# [Task goal]
The entries below should be transcribed exactly, every one of them.

[Excerpts from a dataset]

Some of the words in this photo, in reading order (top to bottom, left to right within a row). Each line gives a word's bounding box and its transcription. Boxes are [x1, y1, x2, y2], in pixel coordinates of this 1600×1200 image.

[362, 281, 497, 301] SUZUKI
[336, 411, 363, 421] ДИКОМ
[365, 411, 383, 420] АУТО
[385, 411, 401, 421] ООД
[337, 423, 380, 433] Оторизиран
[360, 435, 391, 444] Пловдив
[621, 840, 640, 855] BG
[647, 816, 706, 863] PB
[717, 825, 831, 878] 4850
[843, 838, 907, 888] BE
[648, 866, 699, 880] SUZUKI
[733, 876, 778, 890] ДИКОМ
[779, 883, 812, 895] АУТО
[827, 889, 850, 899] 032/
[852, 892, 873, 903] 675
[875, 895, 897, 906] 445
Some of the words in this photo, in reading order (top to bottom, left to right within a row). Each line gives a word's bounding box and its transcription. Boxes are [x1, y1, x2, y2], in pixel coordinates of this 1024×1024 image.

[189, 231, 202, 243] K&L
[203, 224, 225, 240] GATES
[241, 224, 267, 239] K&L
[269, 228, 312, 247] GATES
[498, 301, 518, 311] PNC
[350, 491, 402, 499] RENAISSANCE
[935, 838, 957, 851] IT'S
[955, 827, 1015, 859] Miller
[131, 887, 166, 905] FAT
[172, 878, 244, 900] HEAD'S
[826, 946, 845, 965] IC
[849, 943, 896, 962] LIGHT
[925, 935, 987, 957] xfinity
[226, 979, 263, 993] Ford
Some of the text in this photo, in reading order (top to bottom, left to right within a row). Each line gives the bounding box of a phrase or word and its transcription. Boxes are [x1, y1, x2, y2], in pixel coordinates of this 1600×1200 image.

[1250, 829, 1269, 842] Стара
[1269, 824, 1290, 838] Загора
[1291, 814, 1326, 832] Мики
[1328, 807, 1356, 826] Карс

# [Problem solution]
Some of the words in this photo, in reading order (top to bottom, left to right within a row). Each line gives a word's bounding box and its transcription. Boxes are [x1, y1, x2, y2], in pixel coordinates of this 1600×1200 image.

[362, 281, 497, 301] SUZUKI
[336, 411, 363, 421] ДИКОМ
[365, 411, 383, 420] АУТО
[385, 411, 401, 421] ООД
[337, 423, 380, 433] Оторизиран
[360, 435, 391, 444] Пловдив
[621, 840, 640, 855] BG
[647, 816, 706, 863] PB
[717, 825, 831, 878] 4850
[843, 838, 907, 888] BE
[648, 866, 699, 880] SUZUKI
[733, 876, 778, 890] ДИКОМ
[779, 883, 812, 895] АУТО
[827, 889, 850, 899] 032/
[852, 892, 873, 903] 675
[875, 895, 897, 906] 445
Some of the words in this photo, in reading order (top to bottom, left to right within a row). Each line gives a word's bounding box and its transcription. Boxes are [x1, y1, x2, y2], in pixel coordinates of this 1024×1024 image.

[189, 231, 202, 243] K&L
[203, 224, 225, 240] GATES
[241, 224, 267, 239] K&L
[269, 228, 312, 247] GATES
[498, 301, 518, 311] PNC
[350, 491, 402, 499] RENAISSANCE
[935, 838, 957, 851] IT'S
[955, 827, 1015, 859] Miller
[131, 887, 166, 905] FAT
[172, 878, 244, 900] HEAD'S
[826, 946, 845, 965] IC
[849, 943, 896, 962] LIGHT
[925, 935, 987, 957] xfinity
[226, 979, 263, 993] Ford
Some of the text in this photo, in reading order (top to bottom, left to right within a row). Each line gives the bounding box of a phrase or word and its transcription. Boxes are [x1, y1, x2, y2], in pixel coordinates of this 1600×1200 image.

[1250, 829, 1269, 842] Стара
[1269, 824, 1290, 838] Загора
[1291, 814, 1326, 832] Мики
[1328, 807, 1356, 826] Карс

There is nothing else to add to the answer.